Structural building panels have long been used to facilitate modular construction of buildings. The use of structural building panels facilitates the rapid construction of buildings because these prefabricated panels reduce onsite construction time. In order to increase thermal efficiency of structures constructed from structural building panels, while yielding thermally-sound building systems, insulation may be incorporated with the building panels. The incorporation of insulation provides a structured insulated panel, or “SIP.” Structural insulated building panels are often used in construction; however, such currently existing SIPs suffer from various deficiencies.
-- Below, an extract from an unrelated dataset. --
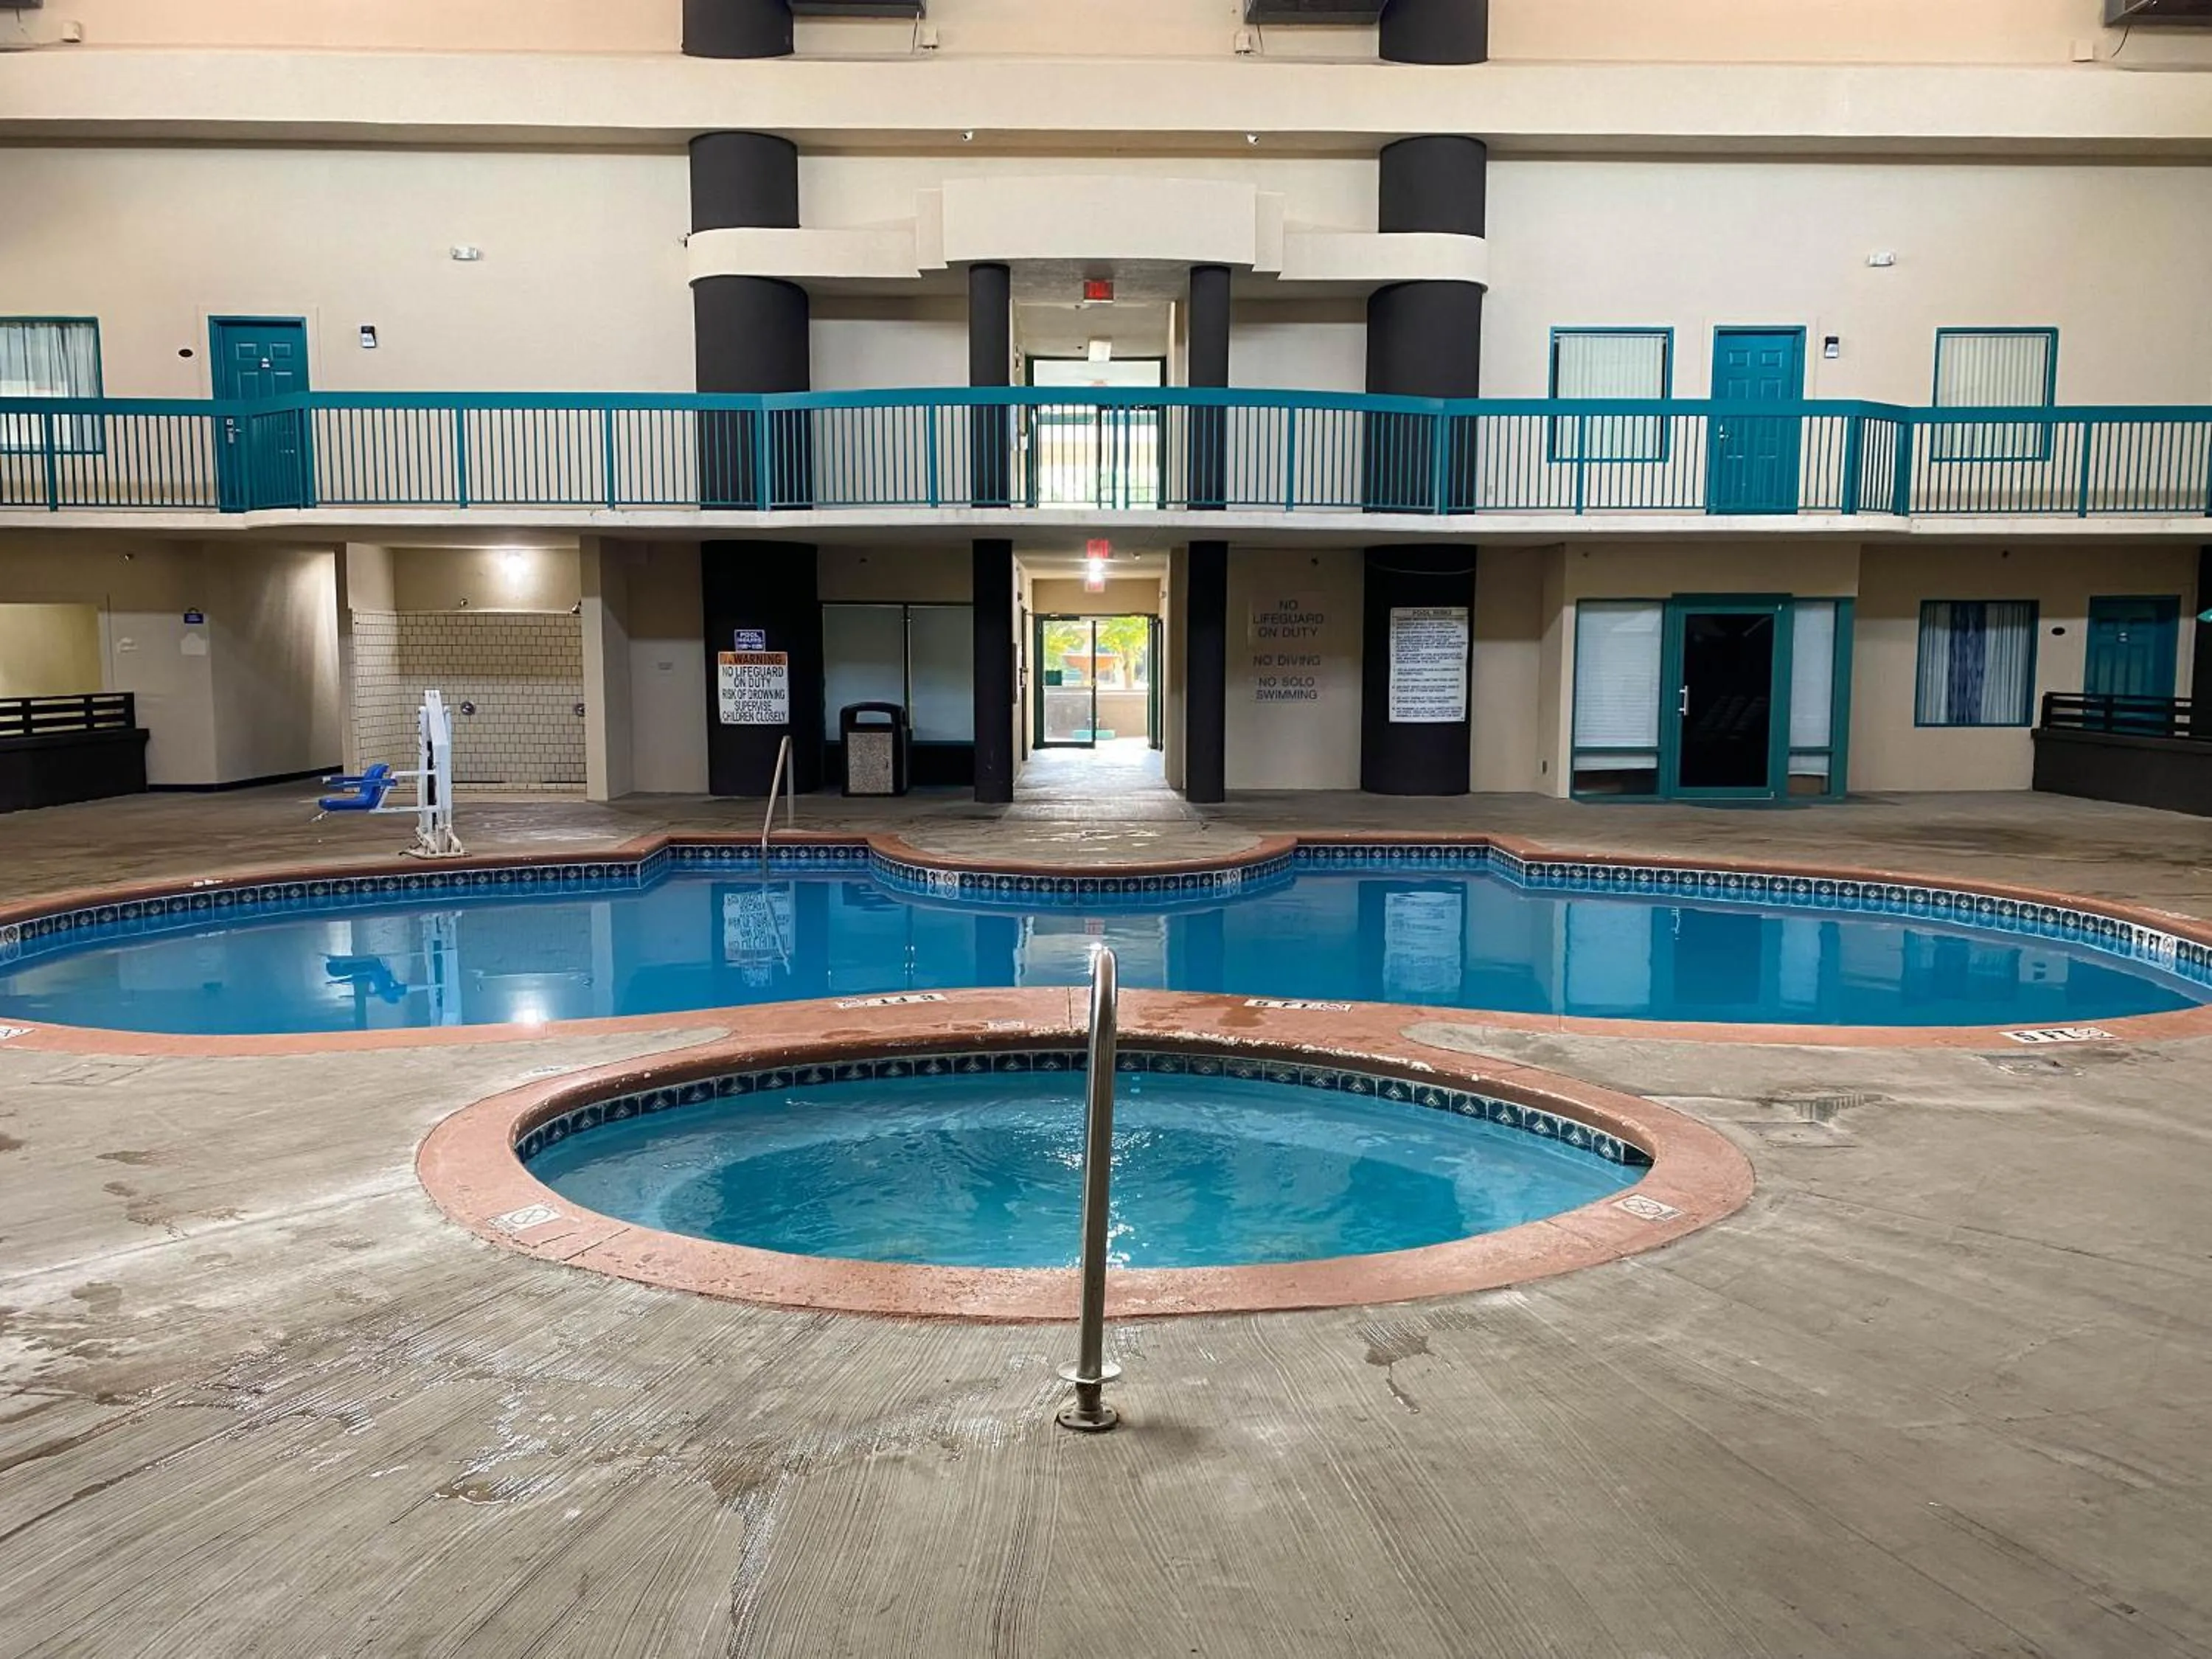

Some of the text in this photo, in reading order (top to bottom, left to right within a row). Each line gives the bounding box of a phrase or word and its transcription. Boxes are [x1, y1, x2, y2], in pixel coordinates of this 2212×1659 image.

For example, standard structural insulated building panels (SIPs) are of a stressed-skin panel design. The structural members (i.e., the skins) form a shell that encapsulates and is often glued to the insulation. Most of the stress on the panels is borne by this structural shell. This is not the most efficient means of bearing stress because it results in material redundancy and waste, increased labor and shipping expenses, and an overall low strength-to-weight ratio. Many stressed-skin SIPs are fabricated using oriented strand board (“OSB”) as their outer skins. OSB is manufactured using materials including chemicals that damage the environment and the health of living organisms. Additionally, OSB stressed-skin panels have limited flexibility in their application due to their rigidity and two-dimensional flat sheet configuration. Using OSB as an outer SIP surfacing material presents difficulties with incorporating and integrating construction components, for example, conduit and wiring, plumbing, and framing members into and through the OSB surface. Further, many OSB stressed-skin panels offer limited aesthetic possibilities due to the non-flexible nature of OSB, its unappealing appearance, and because OSB should be covered or encapsulated and not left exposed as a finish material because gasses from the aforementioned chemicals may leach into the living environment.
Contrary to two-dimensional stressed-skin SIPs, three-dimensional SIPs may be created by combining a 3D engineered molded fiber (EMF) core that is insulated and has one or more stressed-skins, allowing for achievement of a variety of SIP configurations and resulting building shapes. However, in order to create three-dimensional EMF shapes of different thicknesses, generally a new mold would be required every time a different SIP shape change is desired, even for the most minor incremental modification. This makes economical application of current three-dimensional EMF technology somewhat limited to production of planar and simply curved forms. Mold-making, therefore, is the most expensive step in current three-dimensional EMF fabrication. EMF molds may be expensive to make, may be expendable, and may have to be replaced over time due to wear. Cut-Fold-Shape technology offers a structurally-enhanced, more efficient- and cost effective method for producing a virtually limitless variety of three-dimensional EMF shapes for SIP, furniture, and other fields-of-use.
The information included in this Background section of the specification, including any references cited herein and any description or discussion thereof, is included for technical reference purposes only and is not to be regarded subject matter by which the scope of the disclosure is to be bound.